The field of large language model (LLM) serving is rapidly evolving, with a focus on improving efficiency, reducing latency, and increasing throughput. Recent research has explored various approaches to optimize LLM serving, including novel memory management frameworks, attention disaggregation techniques, and QoS-driven inference serving systems. These advancements aim to address the challenges of serving LLMs, such as high computational costs, memory requirements, and latency constraints. Notably, innovative solutions have been proposed to enhance resource utilization, prevent performance interference, and enable fine-grained QoS differentiation. Overall, the field is moving towards more efficient, scalable, and flexible LLM serving architectures. Noteworthy papers include:
- PipeBoost, which introduces a resilient pipelined architecture for fast serverless LLM scaling, reducing inference latency by 31% to 49.8%.

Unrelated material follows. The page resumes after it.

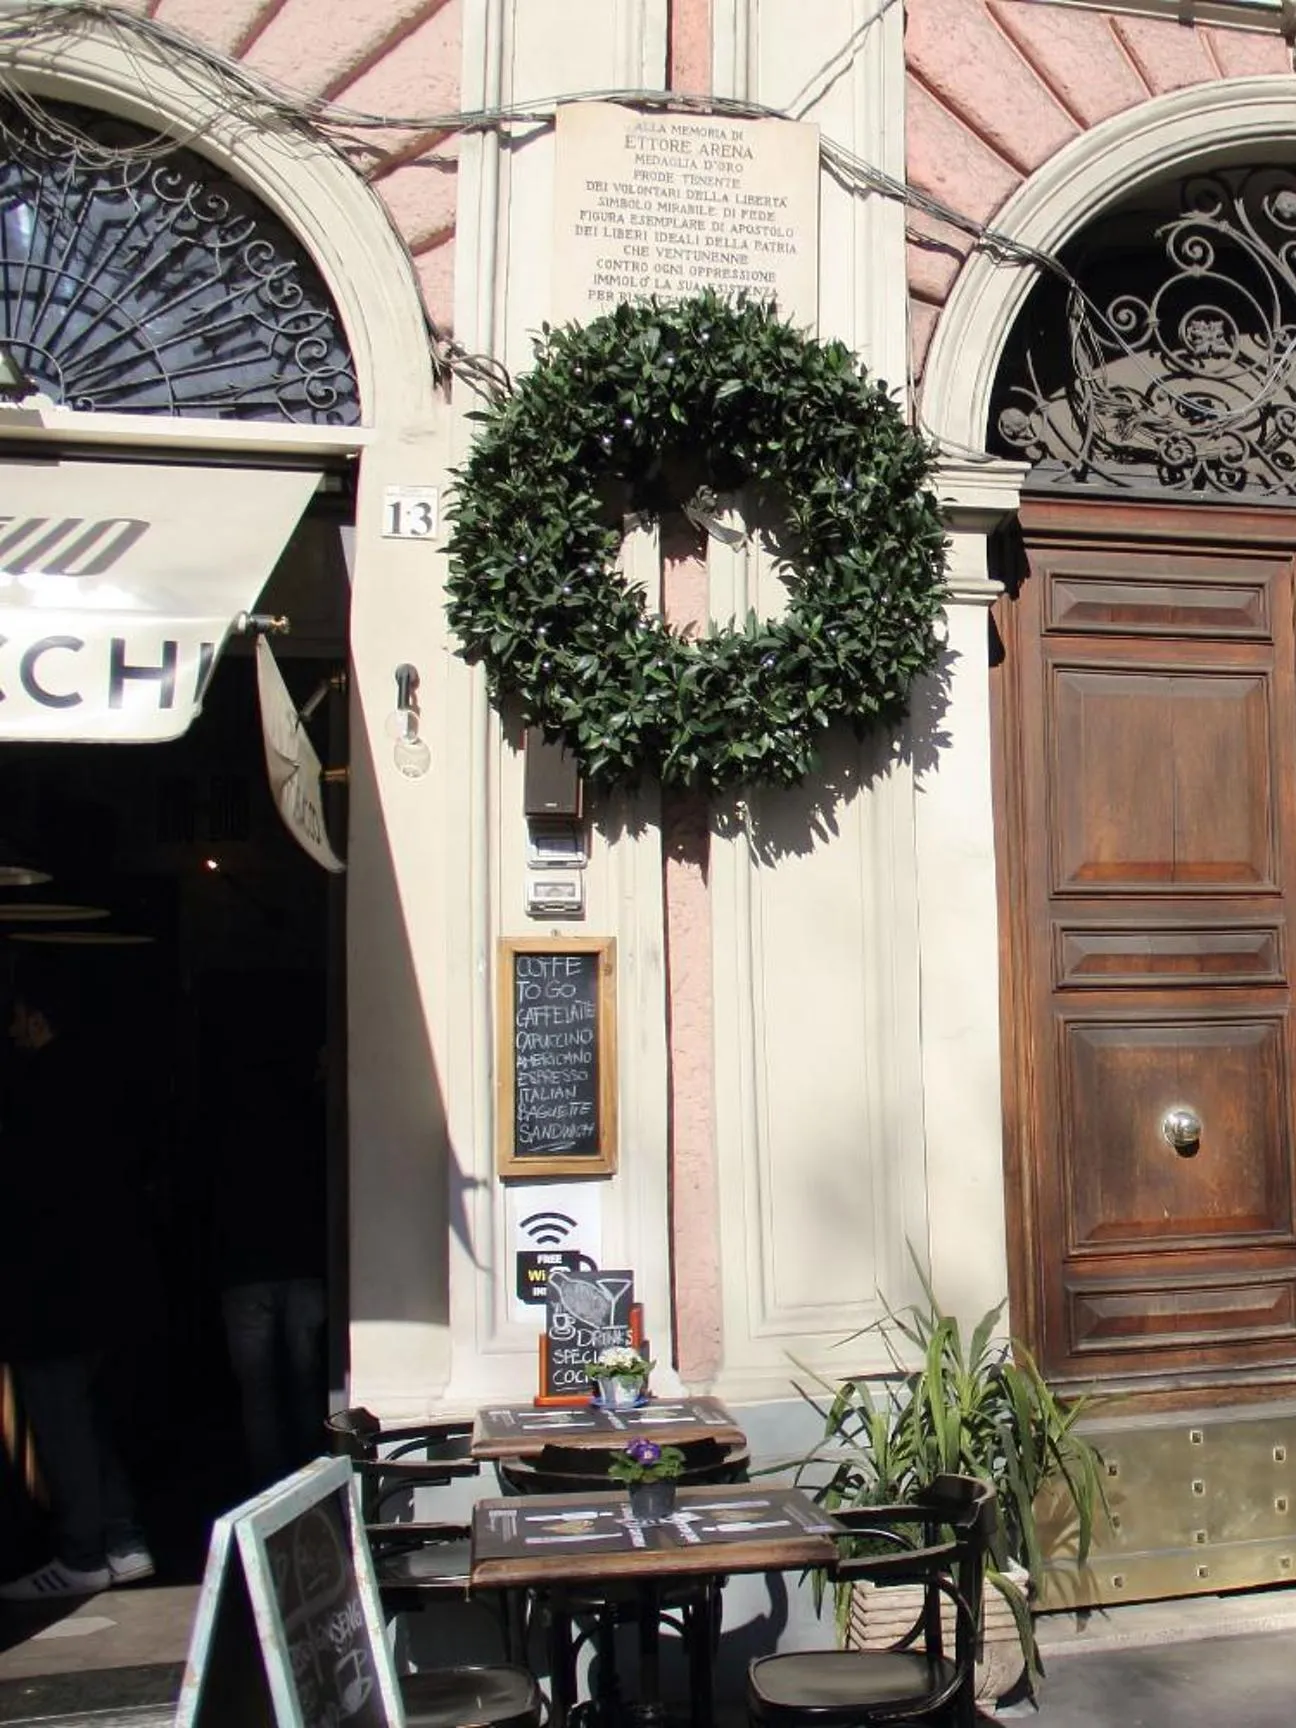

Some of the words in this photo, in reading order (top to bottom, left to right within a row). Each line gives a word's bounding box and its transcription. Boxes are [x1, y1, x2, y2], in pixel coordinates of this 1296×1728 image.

- Jenga, a novel memory allocation framework that improves GPU memory utilization by up to 79.6% and increases serving throughput by up to 4.92x.

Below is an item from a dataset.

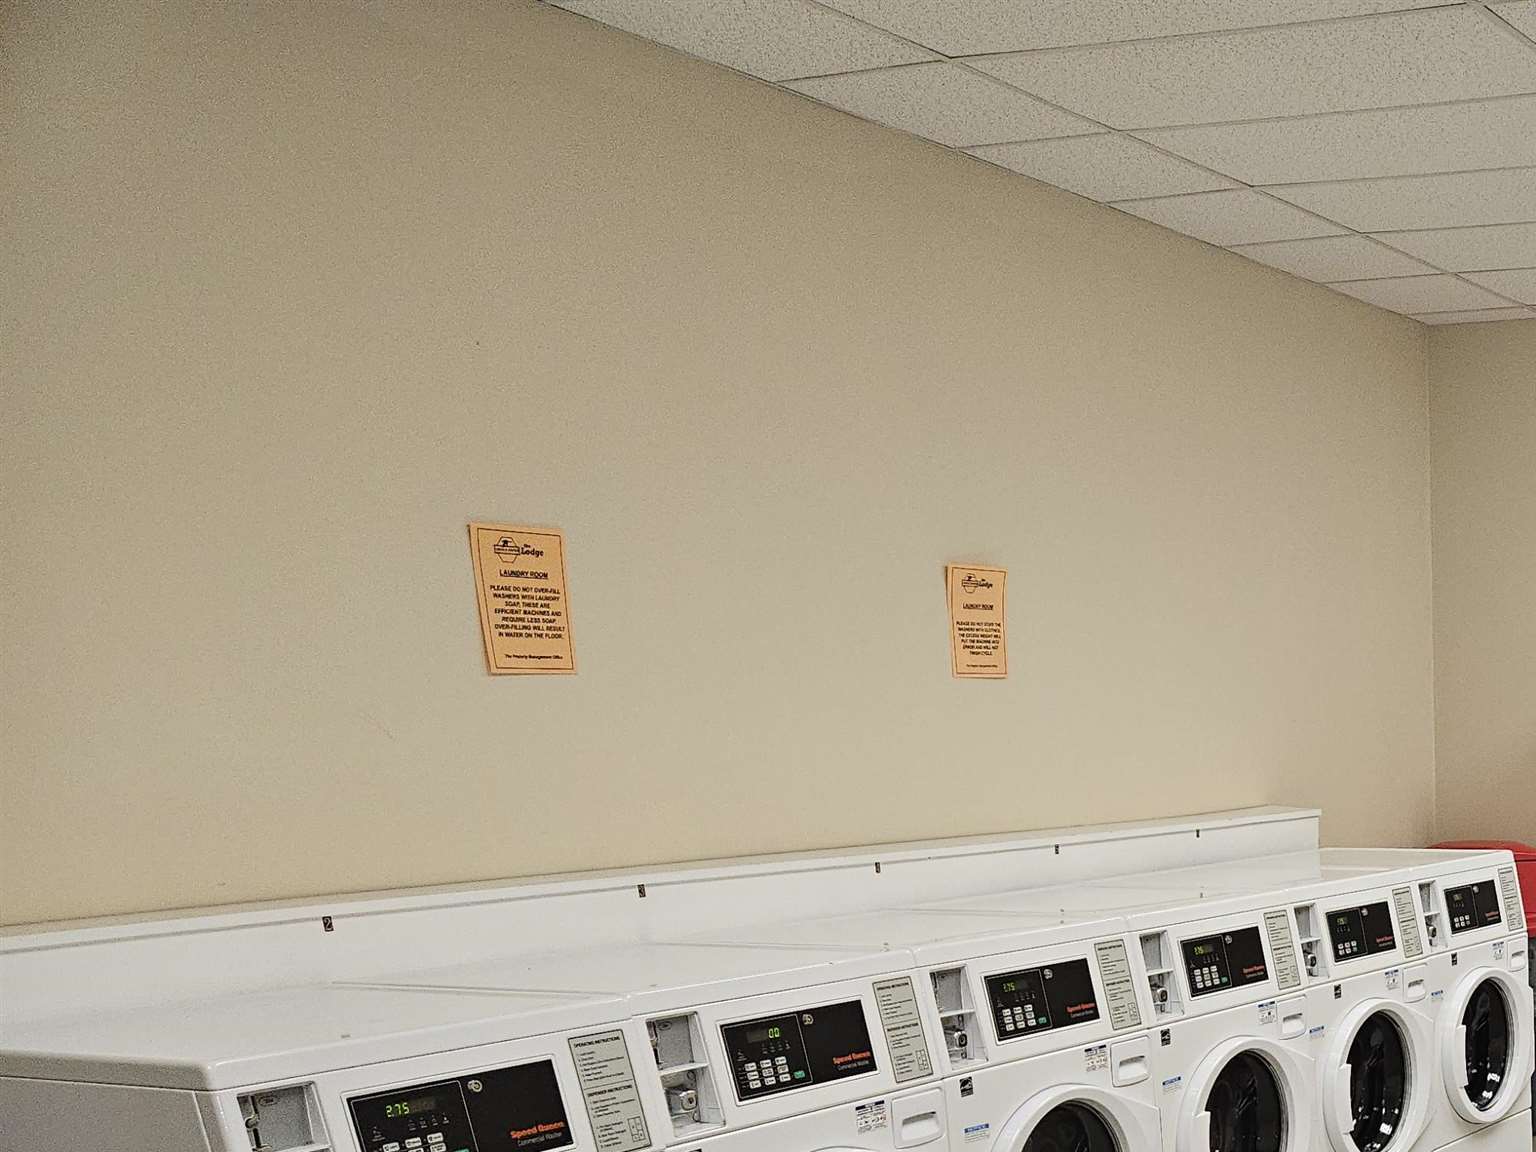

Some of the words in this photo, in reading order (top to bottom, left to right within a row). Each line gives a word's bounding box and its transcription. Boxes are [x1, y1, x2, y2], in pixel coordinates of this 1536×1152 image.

[521, 547, 544, 557] Lodge
[511, 1124, 537, 1139] Speed
[538, 1120, 565, 1134] Queen

- Adrenaline, an attention disaggregation and offloading mechanism that enhances resource utilization and performance in LLM serving systems, achieving 2.28x higher memory capacity and 2.07x better memory bandwidth utilization.
- Niyama, a QoS-driven inference serving system that enables efficient co-scheduling of diverse workloads on shared infrastructure, increasing serving capacity by 32% and reducing SLO violations by an order of magnitude.